28 June 2017
Security researchers have discovered a ‘vaccine’ for the ransomware attack that hit organisations across the world on Tuesday.
The creation of a single file can stop the attack from infecting a machine. Among the victims of the recent attack were the Ukrainian central bank, Russian oil giant Rosneft, British advertising firm WPP and US law firm DLA Piper.
However, researchers have not been able to find a so-called kill switch that would prevent the crippling ransomware from spreading to other vulnerable computers.

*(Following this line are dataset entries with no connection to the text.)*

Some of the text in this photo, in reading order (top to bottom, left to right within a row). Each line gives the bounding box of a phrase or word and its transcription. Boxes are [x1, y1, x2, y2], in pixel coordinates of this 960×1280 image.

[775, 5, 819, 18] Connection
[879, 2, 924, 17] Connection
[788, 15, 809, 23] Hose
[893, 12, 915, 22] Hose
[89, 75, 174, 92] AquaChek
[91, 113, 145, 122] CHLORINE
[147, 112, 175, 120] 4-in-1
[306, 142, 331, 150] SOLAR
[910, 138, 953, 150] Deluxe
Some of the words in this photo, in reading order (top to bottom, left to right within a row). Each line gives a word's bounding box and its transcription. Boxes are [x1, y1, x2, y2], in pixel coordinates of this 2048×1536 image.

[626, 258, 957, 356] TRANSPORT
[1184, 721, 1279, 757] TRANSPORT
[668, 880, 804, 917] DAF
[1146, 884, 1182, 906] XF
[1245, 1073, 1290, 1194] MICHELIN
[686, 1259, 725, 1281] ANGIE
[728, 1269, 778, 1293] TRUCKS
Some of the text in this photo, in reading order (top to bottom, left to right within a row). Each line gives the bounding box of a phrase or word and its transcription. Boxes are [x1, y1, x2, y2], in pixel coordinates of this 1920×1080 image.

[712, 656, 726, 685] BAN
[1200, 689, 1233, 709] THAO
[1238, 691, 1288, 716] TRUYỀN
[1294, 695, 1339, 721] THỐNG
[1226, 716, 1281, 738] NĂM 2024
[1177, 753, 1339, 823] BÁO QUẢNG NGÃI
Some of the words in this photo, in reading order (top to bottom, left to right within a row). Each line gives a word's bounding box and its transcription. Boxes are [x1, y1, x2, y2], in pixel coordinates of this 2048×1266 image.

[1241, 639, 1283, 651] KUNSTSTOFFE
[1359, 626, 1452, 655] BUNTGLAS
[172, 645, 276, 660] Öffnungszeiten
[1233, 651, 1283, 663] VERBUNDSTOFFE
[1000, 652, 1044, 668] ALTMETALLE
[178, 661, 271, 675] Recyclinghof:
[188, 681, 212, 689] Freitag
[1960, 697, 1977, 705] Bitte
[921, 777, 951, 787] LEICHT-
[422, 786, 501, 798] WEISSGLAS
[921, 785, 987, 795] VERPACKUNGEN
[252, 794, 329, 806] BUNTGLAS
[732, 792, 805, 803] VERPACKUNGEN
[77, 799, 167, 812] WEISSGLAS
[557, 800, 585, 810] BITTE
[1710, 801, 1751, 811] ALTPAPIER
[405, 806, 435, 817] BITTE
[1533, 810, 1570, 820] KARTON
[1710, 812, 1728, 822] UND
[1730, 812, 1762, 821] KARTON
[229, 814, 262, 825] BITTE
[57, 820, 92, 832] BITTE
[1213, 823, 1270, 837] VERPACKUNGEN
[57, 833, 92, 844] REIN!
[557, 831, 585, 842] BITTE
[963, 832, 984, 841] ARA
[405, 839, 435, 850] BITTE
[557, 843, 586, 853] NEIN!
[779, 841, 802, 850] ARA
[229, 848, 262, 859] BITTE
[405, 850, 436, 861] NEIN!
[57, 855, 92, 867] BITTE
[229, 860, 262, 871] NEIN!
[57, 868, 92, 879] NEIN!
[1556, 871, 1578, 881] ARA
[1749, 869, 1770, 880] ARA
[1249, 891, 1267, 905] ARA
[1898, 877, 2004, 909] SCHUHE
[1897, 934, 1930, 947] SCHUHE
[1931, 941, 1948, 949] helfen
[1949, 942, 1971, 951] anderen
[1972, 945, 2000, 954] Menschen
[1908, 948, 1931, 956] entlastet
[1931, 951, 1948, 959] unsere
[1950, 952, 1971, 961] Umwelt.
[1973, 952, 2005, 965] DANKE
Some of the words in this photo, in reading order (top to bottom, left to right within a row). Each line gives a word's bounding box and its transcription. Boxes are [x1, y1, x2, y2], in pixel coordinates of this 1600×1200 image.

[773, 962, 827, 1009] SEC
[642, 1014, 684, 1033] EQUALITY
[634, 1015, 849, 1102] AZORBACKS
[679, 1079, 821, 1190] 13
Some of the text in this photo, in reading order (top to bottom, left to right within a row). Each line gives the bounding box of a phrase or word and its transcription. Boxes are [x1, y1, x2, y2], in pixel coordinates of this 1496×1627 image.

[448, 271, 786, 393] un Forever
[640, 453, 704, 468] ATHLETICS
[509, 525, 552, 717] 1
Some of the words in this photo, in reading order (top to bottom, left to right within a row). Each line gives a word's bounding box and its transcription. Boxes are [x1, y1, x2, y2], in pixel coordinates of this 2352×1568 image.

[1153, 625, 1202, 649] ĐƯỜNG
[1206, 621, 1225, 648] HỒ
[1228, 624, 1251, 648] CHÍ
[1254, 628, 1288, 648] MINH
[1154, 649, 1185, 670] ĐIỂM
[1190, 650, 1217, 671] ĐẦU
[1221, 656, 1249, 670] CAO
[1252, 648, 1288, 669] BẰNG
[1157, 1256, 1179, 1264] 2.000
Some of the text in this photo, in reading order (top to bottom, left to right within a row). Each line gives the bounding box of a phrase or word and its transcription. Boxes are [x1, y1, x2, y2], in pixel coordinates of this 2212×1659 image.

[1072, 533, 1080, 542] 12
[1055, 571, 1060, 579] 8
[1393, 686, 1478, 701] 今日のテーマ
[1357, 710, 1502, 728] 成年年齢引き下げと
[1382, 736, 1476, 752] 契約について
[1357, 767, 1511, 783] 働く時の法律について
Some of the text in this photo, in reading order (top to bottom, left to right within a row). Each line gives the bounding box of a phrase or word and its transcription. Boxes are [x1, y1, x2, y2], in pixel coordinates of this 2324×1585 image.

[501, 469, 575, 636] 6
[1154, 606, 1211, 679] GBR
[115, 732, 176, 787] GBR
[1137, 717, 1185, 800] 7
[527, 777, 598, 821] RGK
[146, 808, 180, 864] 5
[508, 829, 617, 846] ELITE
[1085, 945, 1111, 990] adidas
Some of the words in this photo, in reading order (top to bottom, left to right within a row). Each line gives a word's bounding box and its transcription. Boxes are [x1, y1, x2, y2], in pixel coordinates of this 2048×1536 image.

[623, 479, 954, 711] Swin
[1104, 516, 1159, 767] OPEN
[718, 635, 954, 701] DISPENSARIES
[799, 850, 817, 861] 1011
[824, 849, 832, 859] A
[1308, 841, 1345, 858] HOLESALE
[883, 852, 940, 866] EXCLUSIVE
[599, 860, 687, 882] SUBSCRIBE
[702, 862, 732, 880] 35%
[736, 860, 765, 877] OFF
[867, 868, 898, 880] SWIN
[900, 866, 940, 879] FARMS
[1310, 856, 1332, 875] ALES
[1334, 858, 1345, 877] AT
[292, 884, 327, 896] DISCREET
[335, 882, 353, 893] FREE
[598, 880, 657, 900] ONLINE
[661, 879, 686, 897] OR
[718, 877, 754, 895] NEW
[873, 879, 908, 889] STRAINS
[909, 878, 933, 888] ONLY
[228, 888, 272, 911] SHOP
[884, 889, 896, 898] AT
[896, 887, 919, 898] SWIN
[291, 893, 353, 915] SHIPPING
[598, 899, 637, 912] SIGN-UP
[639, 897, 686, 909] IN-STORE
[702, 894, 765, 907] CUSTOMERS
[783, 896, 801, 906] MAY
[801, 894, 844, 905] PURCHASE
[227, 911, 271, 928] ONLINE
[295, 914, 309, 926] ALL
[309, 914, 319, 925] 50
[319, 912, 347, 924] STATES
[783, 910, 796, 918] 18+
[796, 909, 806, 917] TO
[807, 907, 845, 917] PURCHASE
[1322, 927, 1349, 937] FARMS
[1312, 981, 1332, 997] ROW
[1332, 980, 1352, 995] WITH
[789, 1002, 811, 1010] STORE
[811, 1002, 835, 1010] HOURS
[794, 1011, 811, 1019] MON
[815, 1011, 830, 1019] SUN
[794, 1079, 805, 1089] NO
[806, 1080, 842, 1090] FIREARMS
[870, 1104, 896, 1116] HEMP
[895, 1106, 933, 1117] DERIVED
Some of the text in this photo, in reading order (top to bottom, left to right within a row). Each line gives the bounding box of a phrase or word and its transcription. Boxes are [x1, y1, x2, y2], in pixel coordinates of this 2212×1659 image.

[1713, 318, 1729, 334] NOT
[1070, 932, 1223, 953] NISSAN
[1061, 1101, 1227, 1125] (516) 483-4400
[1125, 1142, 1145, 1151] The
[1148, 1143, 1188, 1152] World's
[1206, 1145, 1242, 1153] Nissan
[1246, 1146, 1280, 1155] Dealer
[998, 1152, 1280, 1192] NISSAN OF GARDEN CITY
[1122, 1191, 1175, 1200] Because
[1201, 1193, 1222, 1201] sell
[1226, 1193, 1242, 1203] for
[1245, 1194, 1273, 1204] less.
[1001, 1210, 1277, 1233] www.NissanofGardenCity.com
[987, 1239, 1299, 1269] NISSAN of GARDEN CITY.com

Experts are still unsure about the attack's origins or its real purpose. Given that the ransom amount, $300, was relatively small, some are speculating that the attack may be a front for causing wider disruption or making a political statement. For those concerned about the attack, however, there appears to be a fix, albeit one with limited effectiveness.
By creating a read-only file named ‘perfc’, and placing it within a computer's ‘C:\Windows’ folder, the attack will be stopped in its tracks. However, while this method is effective, it only protects the individual computer that the perfc file is placed on. Researchers have so far been unable to locate a kill switch that would disable the ransomware attack entirely.
"Even though it will make a machine 'immune'," explained computer scientist Professor Alan Woodward, "It is still a 'carrier' (to use the biological analogy).
"It will still act as a platform to spread the ransomware to other machines on the same network."
For the vast majority of users, simply running an up-to-date version of Windows will be sufficient to prevent the attack taking hold, were it to infect your PC.
The spread of this new ransomware is likely to be much slower than last month's WannaCry attack, researchers predict, as code analysis showed that the new attack did not attempt to spread itself beyond the network it was placed on.
Because of this, several experts are predicting that the attack will not spread significantly further than it did on Tuesday, unless it is modified.
"There is low risk of new infections more than one hour after the attack," suggested the MalwareTech blog.